Jeff, good call on Twilight Princess. In hindsight, 8.8 almost seems a little high to me. Twilight Princess was great and all, but it had some mad crazy problems, featured some poor design, it stuck to close to the formula, and failed to be the epic next-gen Zelda experience we were all waiting for. Perhaps I should elaborate before people start putting me on their hit list.
First of all, the game has some basic design issues with a lot of your objectives. Like, for instance, the cat in the beginning of the game you had to get into the house. That undeniably was more frustrating than necessary. Same thing with a Goron later in the game, who wants hot water. The logical thing to do is go to the hot spring fountain, get a bottle of this hot water and rush all the way to the Goron in Hyrule field. Magically, as you approach this Goron with the hot water, it instantly turns cold no matter how much remaining time you have. It turns out you have to do something entirely different to help this guy out, but the game should not penalize you the way it does for thinking logically. Alternatively, they could have had you take the water to the guy, he thanks you, gives you some reward, but tells you it's not enough and hints you in the right direction to solving this problem.
Another issue involves rupees and chests. In Twilight Princess, if you open a chest with rupees but don't have enough wallet space to carry it all, you're forced to put it back in the chest and close it back up. Initially, that actually seems like a smart change. In previous Zelda games, you'd take the money, even if you couldn't hold it, which would essentially make those extra rupees disappear completely. So now with this new method, you can come back to that chest later in the game to collect some more cash. The problem with this is that first of all, people are not going replay through temples just to get more rupees, and secondly, once these chests are closed, they look exactly the same as any other normal chest in-game and on your map. This becomes a problem in temples when you end up needing to re-close nearly all the chests and then don't remember which ones you've opened or haven't, and if you're trying to get all the heart pieces you can, you can expect to reopen a lot of these same rupee chests at least a second time. They could have either caused these chests to appear a different color on your map or something, or went the way of Phantom Hourglass and used the Wii pointer to let you draw on the map yourself so you could mark these particular chests. Also, spread out throughout all of Hyrule, there are a lot of puzzles with chests that are in sight but yet out of reach. Most of them will be taunting you throughout the game, and you're eager to figure out how to get them (however, most of them are actually simple and just require a new weapon to get them, which is a little disappointing since it's not a matter of actually solving the puzzle, but just waiting until you have the proper means to do it).

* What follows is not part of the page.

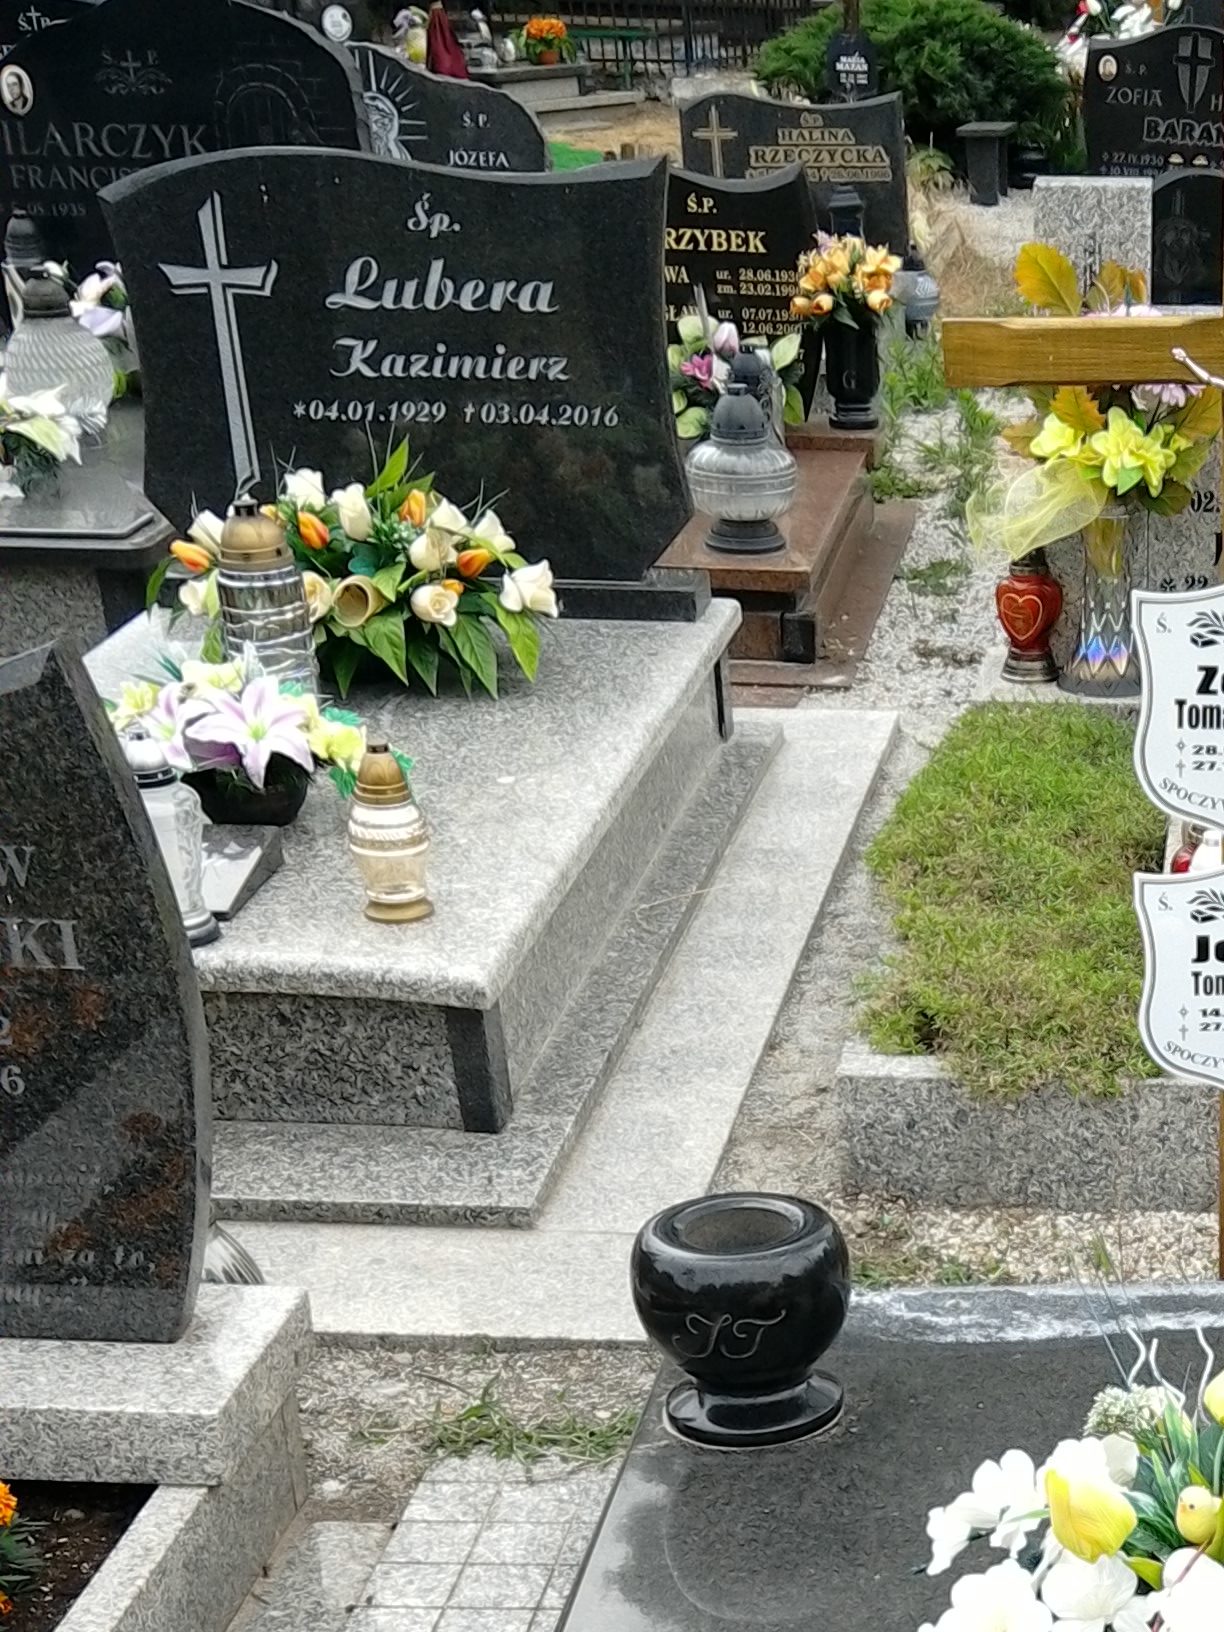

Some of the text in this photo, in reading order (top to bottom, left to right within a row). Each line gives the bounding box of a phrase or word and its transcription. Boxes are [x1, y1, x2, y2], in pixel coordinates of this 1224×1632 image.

So anyway, the time comes, you get a new weapon and realize it's what you've needed all along to get to this chest. You finally get to it, almost feeling very rewarded because it's taken so long to get to this moment, and dude... more rupees? And I can't even carry them? That is totally lame. Rupees in general don't serve much purpose in Twilight Princess, or most Zelda games really. We're like trained to collect every single one we see, however, there's hardly ever anything to buy with them except stuff you can gather for free just by playing the game. You don't ever really need to buy arrows or bombs or red potion or anything so you're going to be spending most of the game with full pockets, so rupees are never really a good reward.
Then of course, everyone gripes about the bosses being too easy. I'm gonna take that a little further and say all enemies in the game are too easy. Why is that? It's not exactly that the enemies aren't challenging or anything, but simply that they never do enough damage. You can get your butt kicked pretty bad, but if you have more than 5 hearts or so, you're still probably not going to die. Not to mention that early on in the game, any respectable Zelda player is going to start loading up on fairies. That's what kills the challenge in Zelda games. It's simply hard to be killed, whereas pretty much any other enemy can be killed with just a few hits. That's not cool, dude. Does Nintendo remember the first Zelda? Yeah... good luck with never dying in that one... Remember the first Twilight Princess trailer? All the enemies approaching in the sunset from the horizon? Man, it seemed like Hyrule was going to be an epic warzone, but we don't really see any of that in the final game. I'm not saying it's a bad game, but I certainly don't think it's the best game ever or nearly the best Zelda game.